I also told this woman the truths that no one had told me.  That God loved her, just as she was.  That she was lovely and loved, and worthy.  That fighting this battle didn’t make her less in any way – not less of a woman, not less of a Christian.  Her faith was not defined by her mental health, that this was not shameful nor sinful.  I don’t know if she heard me, in those moments, but I know that I said them.

After almost a year of counseling, and a huge amount of improvement, Bella told me that she and her counselor had agreed that it was time to consider medication.  Although she had improved, she still needed additional help.   And I told her that it was good that she was still willing to try whatever her counselor recommended to help her.

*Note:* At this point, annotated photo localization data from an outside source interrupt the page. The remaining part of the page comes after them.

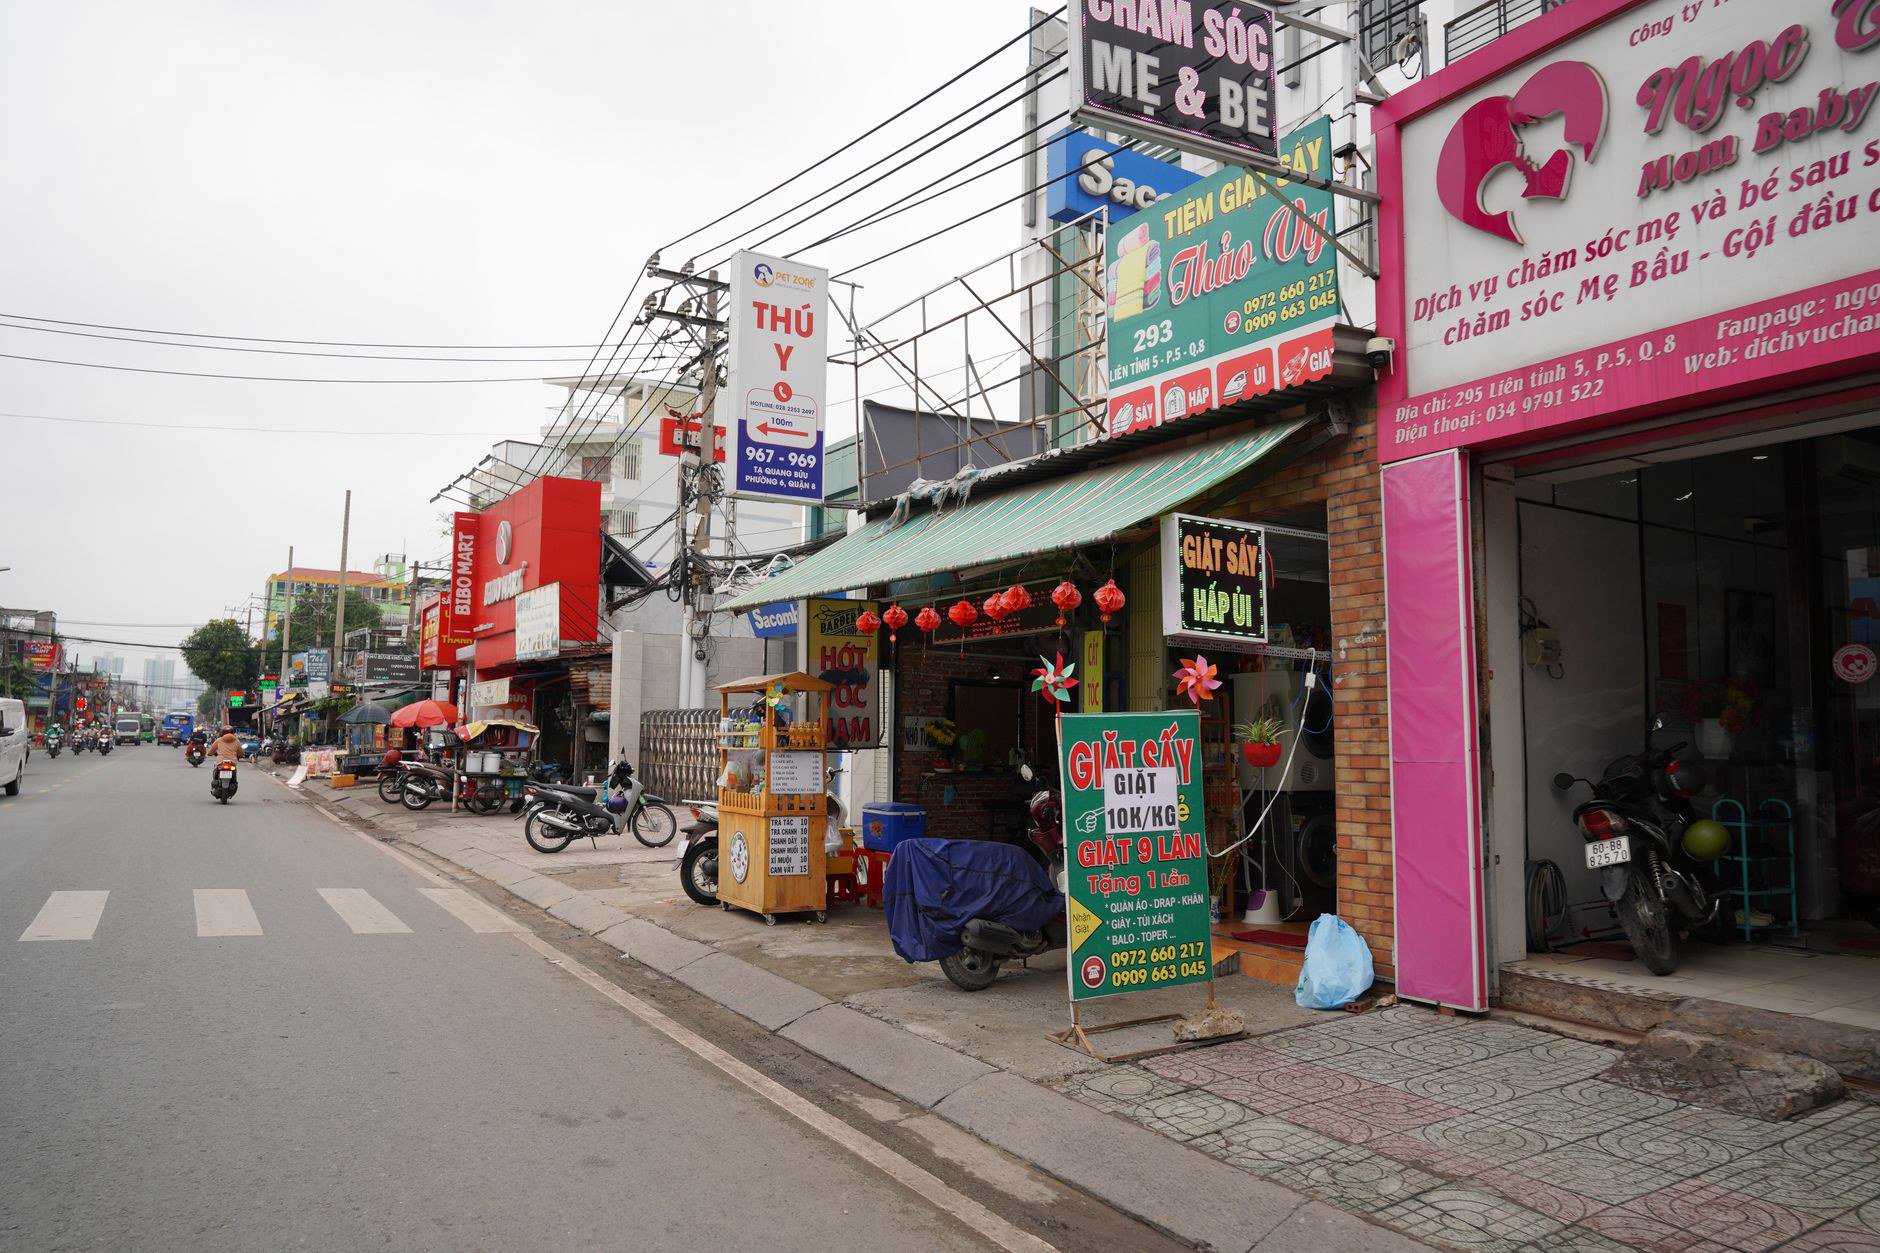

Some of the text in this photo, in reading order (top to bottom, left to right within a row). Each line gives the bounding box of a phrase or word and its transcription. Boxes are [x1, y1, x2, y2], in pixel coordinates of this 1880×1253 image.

[1203, 7, 1270, 72] SÓC
[1629, 15, 1675, 47] Công
[1091, 38, 1270, 138] MẸ & BÉ
[1636, 24, 1808, 134] Ngọc
[1637, 135, 1738, 198] Mom
[1752, 81, 1880, 154] Baby
[1164, 192, 1214, 240] TIỆM
[1168, 197, 1331, 306] Thảo Vy
[1413, 284, 1462, 322] Dịch
[1468, 275, 1499, 302] vụ
[1506, 248, 1577, 288] chăm
[1585, 227, 1630, 263] sóc
[1636, 211, 1681, 246] mẹ
[1691, 188, 1727, 225] và
[1738, 166, 1779, 211] bé
[1789, 150, 1851, 192] sau
[775, 272, 790, 283] PET
[1443, 309, 1510, 346] chăm
[1520, 289, 1564, 321] sóc
[1576, 273, 1619, 305] Mẹ
[1629, 246, 1690, 288] Bầu
[1722, 215, 1777, 259] Gội
[1789, 190, 1859, 238] đầu
[1243, 268, 1335, 316] 0972 660 217
[752, 300, 814, 338] THÚ
[1244, 288, 1337, 334] 0909 663 045
[1716, 298, 1827, 341] Fanpage:
[1133, 319, 1173, 353] 293
[773, 343, 794, 371] Y
[1109, 363, 1129, 383] LIÊN
[1130, 354, 1150, 376] TỈNH
[1152, 354, 1159, 369] 5
[1166, 348, 1182, 364] P.5
[1189, 339, 1206, 357] Q.8
[1309, 347, 1335, 373] GI
[1684, 346, 1739, 375] Web:
[1253, 363, 1266, 386] ỦI
[1395, 333, 1677, 424] Địa chỉ: 295 Liên tỉnh 5, P.5, Q.8
[750, 400, 774, 409] HOTLINE:
[1135, 400, 1154, 423] SẤY
[1188, 384, 1210, 408] HẤP
[1395, 379, 1605, 444] Điện thoại: 034 9791 522
[771, 417, 793, 427] 100m
[745, 446, 775, 463] 967
[788, 452, 817, 468] 969
[753, 466, 763, 475] TẠ
[765, 467, 792, 477] QUANG
[745, 475, 778, 486] PHƯỜNG
[788, 480, 810, 491] QUẬN
[1183, 531, 1258, 577] GIẶT SẤY
[455, 532, 474, 616] BIBO MART
[1193, 580, 1252, 628] HẤP ỦI
[1142, 721, 1194, 786] SẤY
[1114, 769, 1156, 799] GIẶT
[801, 818, 808, 826] 10
[1107, 804, 1176, 831] 10K/KG
[1078, 828, 1201, 871] GIẶT 9 LẦN
[1087, 868, 1190, 898] Tặng 1 Lần
[1135, 898, 1148, 911] ÁO
[1154, 897, 1176, 909] DRAP
[1111, 912, 1174, 930] GIÀY TÚI XÁCH
[1112, 929, 1168, 945] BALO TOPER
[1111, 941, 1204, 968] 0972 660 217
[1111, 960, 1206, 987] 0909 663 045
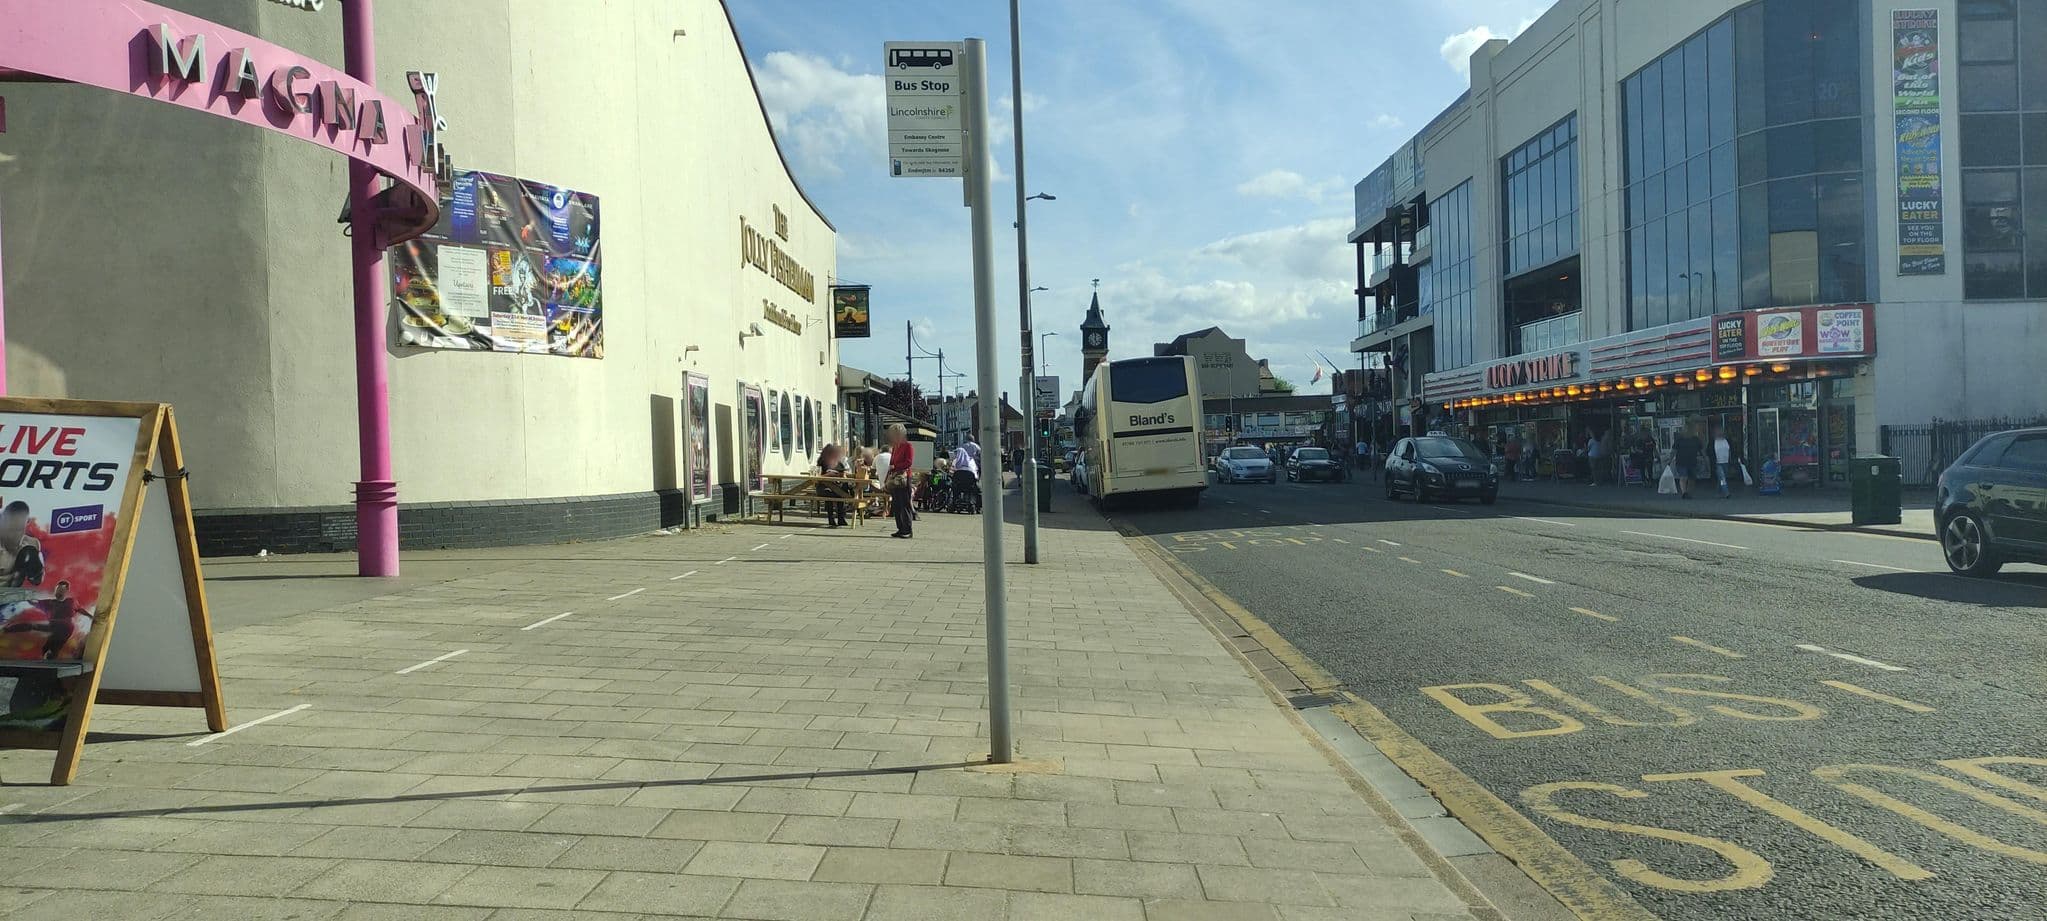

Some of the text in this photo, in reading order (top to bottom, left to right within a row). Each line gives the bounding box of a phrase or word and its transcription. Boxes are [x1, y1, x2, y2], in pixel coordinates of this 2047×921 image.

[149, 23, 389, 144] MAGNA
[894, 80, 950, 93] Bus Stop
[890, 105, 947, 117] Lincolnshire
[1901, 200, 1939, 210] LUCKY
[1902, 211, 1939, 220] EATER
[772, 203, 788, 242] THE
[739, 214, 815, 305] JOLLY FISHERMAN
[492, 286, 513, 296] FREE
[1718, 319, 1742, 330] LUCKY
[1718, 329, 1742, 338] EATER
[1761, 339, 1799, 347] ADVENTURE
[1486, 352, 1576, 388] LUCKY STRIKE
[1129, 412, 1175, 427] Bland's
[60, 513, 98, 524] BT SPORT
[1172, 530, 1283, 543] BUS
[1166, 536, 1323, 553] STOP
[1419, 672, 1828, 739] BUS

A good sign, that she still held on to hope.  That medication was a good step, that it was ok, it was ok, it was ok.

 

But a short while later, I heard a little whisper from another friend.  A little whisper about someone unrelated to Bella, someone who was also considering medication for her depression.  A little whisper that said this person “wasn’t trusting Jesus.”

And my long-suppressed anger at all the years of silence and shame, my fears for Bella and myself, broke free from the dam I had built around them and I found I could no longer be silent.  I stood up – for myself and for Bella – and told them just how harmful that was to say.  How those little whispers could be the death-knell for someone who finally found the courage to ask for help – and then was told that they were wrong to do so.  How we would never say something similar to someone with a physical illness, and we would be just as wrong to say it to someone battling a mental one.  I fought the tears and rage, hurt and shocked, that this was still a mindset among my Christian friends.

I went to the funeral of an old friend who died by suicide.  I read about suicide rates and shuddered at the statistics.  I read in the news about the teen whose girlfriend encouraged him to kill himself and I thought of myself as a teen, of all the teenage friends of my children, of my friend Bella, and wondered. . .what if any of us had asked the wrong person for help.  I reached out to an acquaintance who works as a counselor – looking for charities to support, and was told that her counseling office had attempted to work with several churches in the area to arrange low-cost/free counseling referrals . . . and been met with declarations that the churches didn’t want to send people to counselors, they wanted to people to trust in God.

 

And my war-battered heart broke, again and again and again.